Create a Dice Roller

I love playing D&D with my friends, and my favorite part is creating character sheets (my DM is notorious for killing us all off by level 3 or so). One major part of making character sheets is rolling the character's stats. Sadly, I have lost all my dice, so I'm asking for your help to make a dice roller for me to use!

Input description

Your input will contain one array/vector of strings, where each entry will be in the form of "NdM"; for example:

["3d6", "4d12", "1d10", "5d4"]

If you've ever played D&D you probably recognize those, but for the rest of you, this is what those mean:

The first number is the number of dice to roll, the d just means "dice", it's just used to split up the two numbers, and the second number is how many sides the dice have. So the above example of "3d6" means "roll 3 6-sided dice". Also, just in case you didn't know, in D&D, not all the dice we roll are the normal cubes. A d6 is a cube, because it's a 6-sided die, but a d20 has twenty sides, so it looks a lot closer to a ball than a cube.

The first number, the number of dice to roll, can be any integer between 1 and 100, inclusive.

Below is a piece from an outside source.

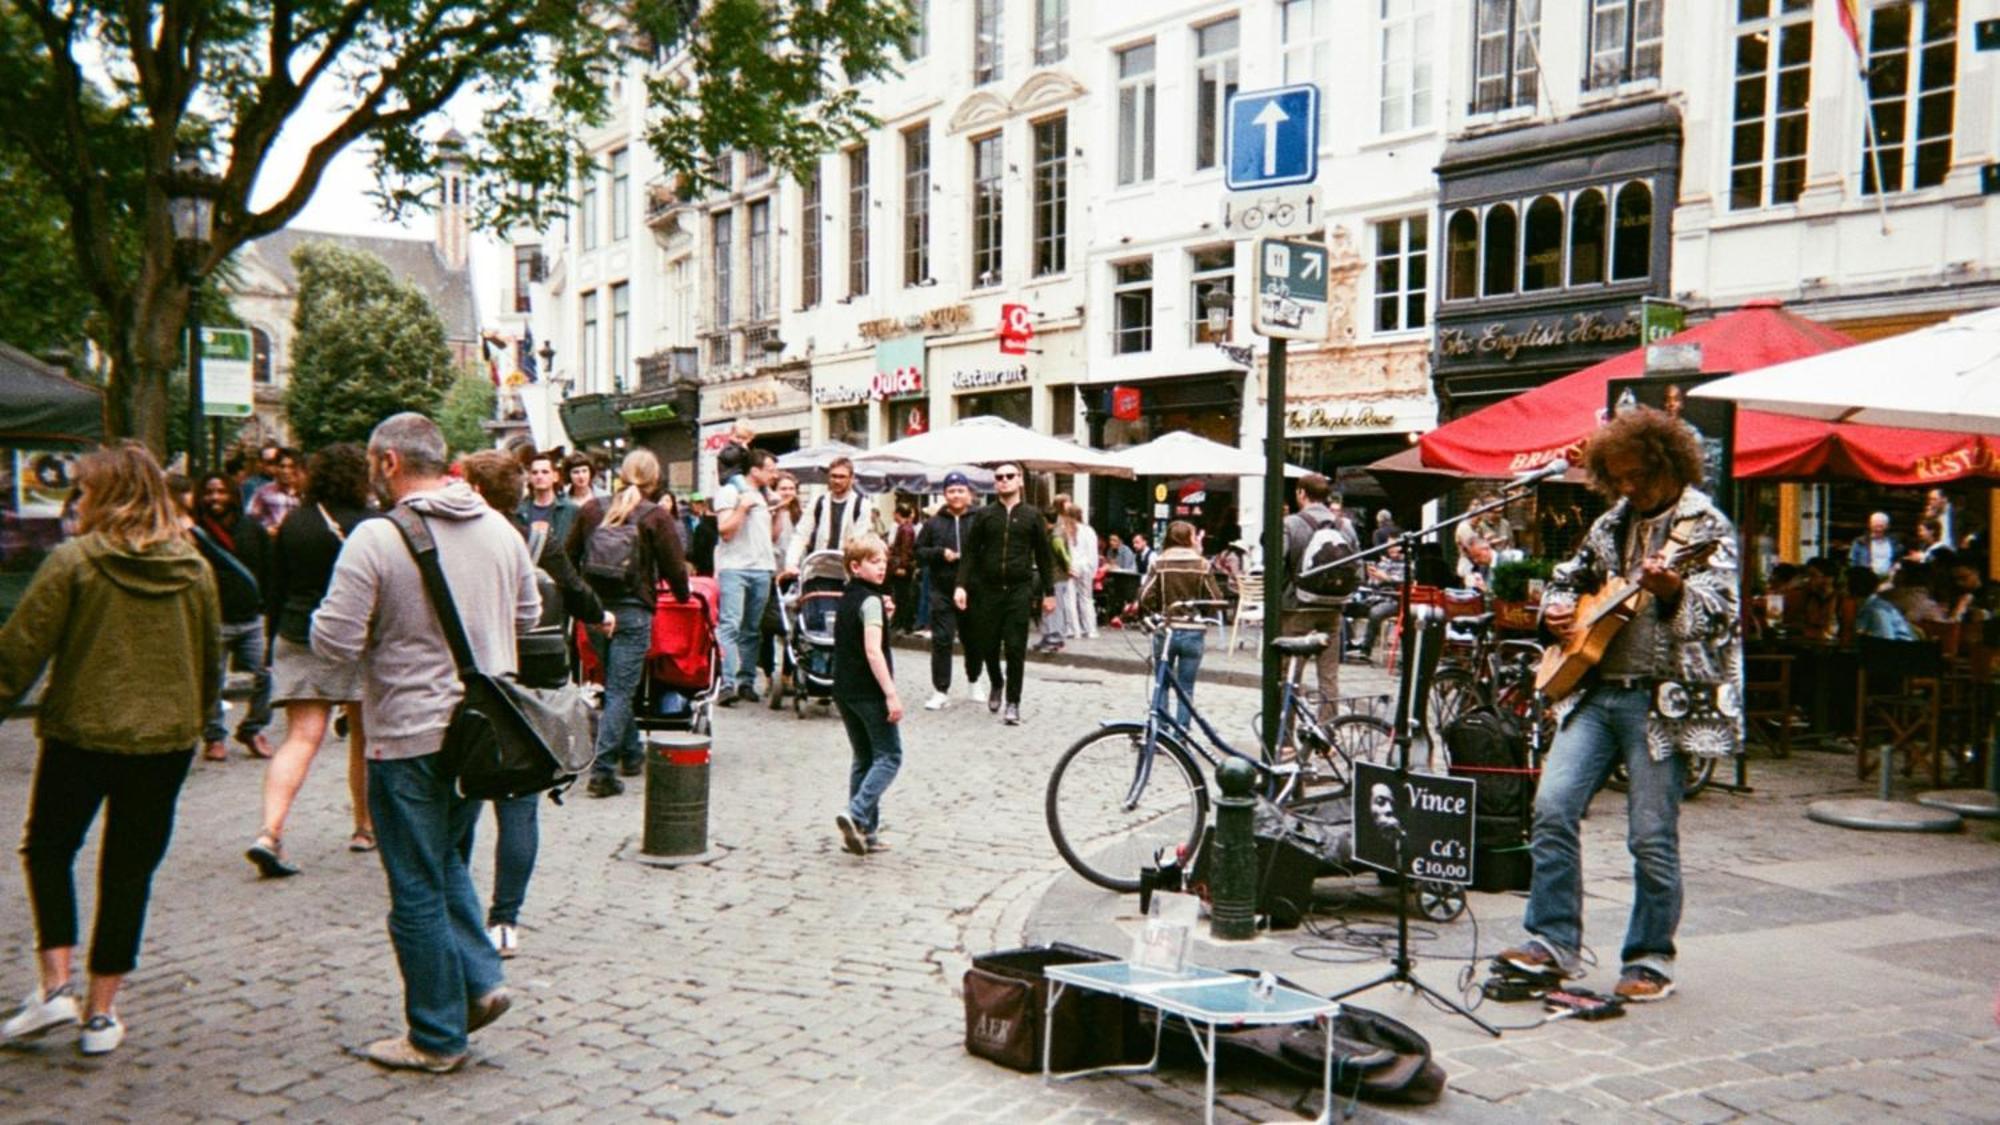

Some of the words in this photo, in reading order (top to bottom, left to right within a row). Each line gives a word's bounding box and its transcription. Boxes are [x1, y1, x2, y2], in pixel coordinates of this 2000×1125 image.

The second number, the number of sides of the dice, can be any integer between 2 and 100, inclusive.

Output description

You should output the sum of all the rolls of that specified die, each on their own line. so if your input is "3d6", the output should look something like:

14: 6 3 5

You rolled 3 6-sided dice, and they added up to 14 and you print out the result of each roll on the same line.

Notes/Hints

A dice roll is basically the same as picking a random number between 1 and 6 (or 12, or 20, or however many sides the die has). You should use some way of randomly selecting a number within a range based off of your input. Many common languages have random number generators available, but at least a few of them will give the same "random" numbers every time you use the program. In my opinion that's not very random. If you run your code 3+ times with the same inputs and it gives the same outputs, that wouldn't be super useful for a game of D&D, would it? If that happens with your code, try to find a way around that. I'm guessing for some of the newer folks, this might be one of the trickier parts to get correct.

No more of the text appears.